Less than two years after Google dismissed two researchers who criticised the biases built into AI systems, the company has fired a researcher who questioned a paper it published on the abilities of a specialised type of AI used in making computer chips.
Satrajit Chatterjee, 43, led a team of scientists in challenging the paper that appeared in Nature and said computers were able to design parts of a computer chip faster and better than humans.
Chatterjee was fired in March, after Google said it would not publish a paper that rebutted some of the claims made in the Nature article, said four people familiar with the situation. Google confirmed that Chatterjee had been “terminated with cause”.
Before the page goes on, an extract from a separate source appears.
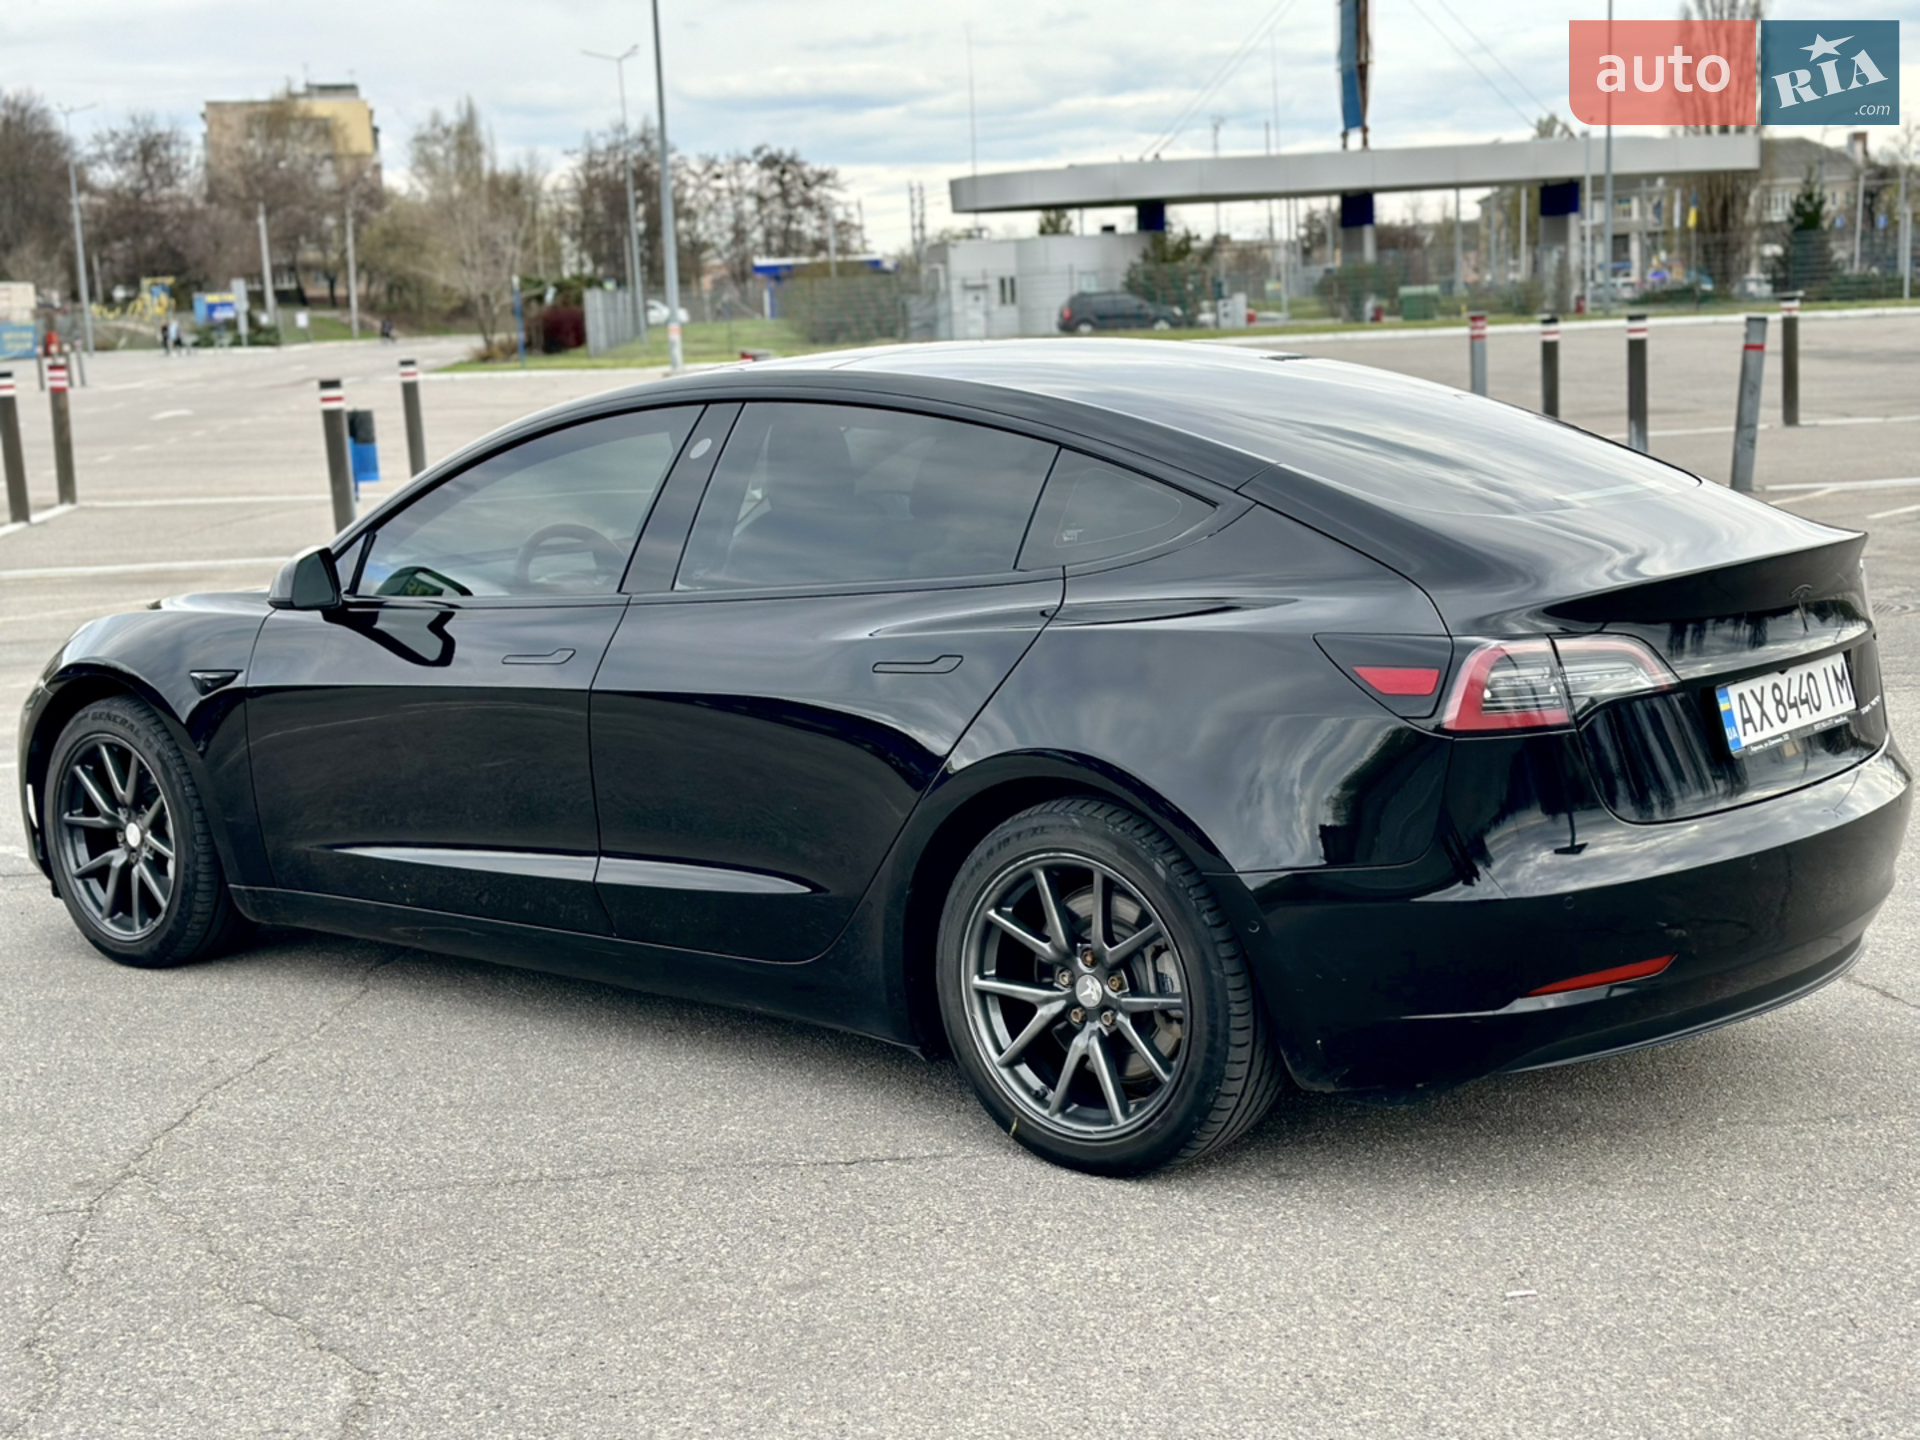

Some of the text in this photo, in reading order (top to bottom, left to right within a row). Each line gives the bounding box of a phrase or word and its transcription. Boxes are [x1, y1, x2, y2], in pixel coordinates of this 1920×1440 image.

Chatterjee’s dismissal was the latest example of discord in and around Google Brain, an AI research group considered to be a key to the company’s future. After spending billions of dollars to hire top researchers and create new kinds of computer automation, Google has struggled with a wide variety of complaints about how it builds, uses and portrays those technologies.
In December 2020, Google fired one of the leaders of its Ethical AI team, Timnit Gebru, after she criticised the company’s approach to minority hiring and pushed to publish a research paper that pointed out flaws in a new type of AI system for learning languages. A few months later, the company fired the other head of the team, Margaret Mitchell, who publicly denounced Google’s handling of the situation with Gebru.
The paper in Nature, published last June, promoted a technology called reinforcement learning, which it said could improve the design of computer chips. The technology was hailed as a breakthrough for AI and a vast improvement to existing approaches to chip design. Google said it used this technique to develop its own chips for AI computing.
Google had been working on applying the machine learning technique to chip design for years, and it published a similar paper a year earlier. Around that time, Google asked Chatterjee, who has a doctorate in computer science from the University of California, Berkeley, US, and had worked as a research scientist at Intel, to see if the approach could be sold or licensed to a chip design company.
But Chatterjee expressed reservations in an internal email about some of the claims and questioned whether the technology had been rigorously tested.
While the debate about that research continued, Google pitched another paper to Nature. It made some adjustments to the earlier paper and removed the names of two authors, who had worked closely with Chatterjee.
When the newer paper was published, some Google researchers were surprised. They believed it had not followed a publishing approval process that Jeff Dean, the company’s senior vice-president, said was necessary in the aftermath of Gebru’s firing.
Google and one of the two lead authors, Anna Goldie, who wrote it with Azalia Mirhoseini, said the changes from the earlier paper did not require the full approval process. Google allowed Chatterjee and some internal and external researchers to work on a paper that challenged some of its claims.
The team submitted the rebuttal paper to a resolution committee for publication approval. Months later, the paper was rejected.
The researchers who worked on the rebuttal paper said they wanted to escalate the issue to Sundar Pichai and Alphabet’s board of directors. Soon after, Chatterjee was informed that he was no longer an employee, the people said.
Goldie said Chatterjee had asked to manage their project in 2019 and they had declined. When he later criticised it, she said, he could not substantiate his complaints and ignored the evidence they presented in response. “Sat Chatterjee has waged a campaign of misinformation against me and Azalia for over two years now,” Goldie said in a written statement.
Laurie M. Burgess, Chatterjee’s attorney, said it was disappointing that “certain authors of the Nature paper are trying to shut down scientific discussion by defaming and attacking Dr Chatterjee for simply seeking scientific transparency.” Burgess also questioned the leadership of Dean, one of 20 co-authors of the paper.
Dean did not respond to a request for comment.